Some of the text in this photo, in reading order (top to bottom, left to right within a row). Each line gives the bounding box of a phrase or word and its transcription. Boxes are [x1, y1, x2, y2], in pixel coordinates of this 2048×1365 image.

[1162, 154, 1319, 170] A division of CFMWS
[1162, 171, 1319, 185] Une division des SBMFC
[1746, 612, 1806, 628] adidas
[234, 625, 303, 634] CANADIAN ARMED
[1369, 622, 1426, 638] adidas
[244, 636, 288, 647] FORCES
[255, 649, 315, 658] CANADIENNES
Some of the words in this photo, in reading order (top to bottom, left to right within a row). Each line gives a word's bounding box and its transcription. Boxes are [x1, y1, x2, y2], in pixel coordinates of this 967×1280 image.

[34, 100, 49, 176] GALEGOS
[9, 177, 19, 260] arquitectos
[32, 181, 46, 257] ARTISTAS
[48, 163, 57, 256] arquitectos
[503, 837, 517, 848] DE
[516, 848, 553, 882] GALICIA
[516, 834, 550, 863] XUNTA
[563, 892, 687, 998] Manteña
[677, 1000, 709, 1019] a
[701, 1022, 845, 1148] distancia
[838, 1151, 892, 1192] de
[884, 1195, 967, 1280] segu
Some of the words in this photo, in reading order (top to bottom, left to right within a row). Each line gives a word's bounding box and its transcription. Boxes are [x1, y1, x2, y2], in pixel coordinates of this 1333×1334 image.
● ● ● ● ●
**What is needed**
The entire listing above should be returned exactly as written.

**Task solution**
Some of the text in this photo, in reading order (top to bottom, left to right within a row). Each line gives the bounding box of a phrase or word and its transcription. Boxes are [x1, y1, x2, y2], in pixel coordinates of this 2048×1365 image.

[1162, 154, 1319, 170] A division of CFMWS
[1162, 171, 1319, 185] Une division des SBMFC
[1746, 612, 1806, 628] adidas
[234, 625, 303, 634] CANADIAN ARMED
[1369, 622, 1426, 638] adidas
[244, 636, 288, 647] FORCES
[255, 649, 315, 658] CANADIENNES
Some of the words in this photo, in reading order (top to bottom, left to right within a row). Each line gives a word's bounding box and its transcription. Boxes are [x1, y1, x2, y2], in pixel coordinates of this 967×1280 image.

[34, 100, 49, 176] GALEGOS
[9, 177, 19, 260] arquitectos
[32, 181, 46, 257] ARTISTAS
[48, 163, 57, 256] arquitectos
[503, 837, 517, 848] DE
[516, 848, 553, 882] GALICIA
[516, 834, 550, 863] XUNTA
[563, 892, 687, 998] Manteña
[677, 1000, 709, 1019] a
[701, 1022, 845, 1148] distancia
[838, 1151, 892, 1192] de
[884, 1195, 967, 1280] segu
Some of the words in this photo, in reading order (top to bottom, left to right within a row). Each line gives a word's bounding box and its transcription. Boxes are [x1, y1, x2, y2], in pixel coordinates of this 1333×1334 image.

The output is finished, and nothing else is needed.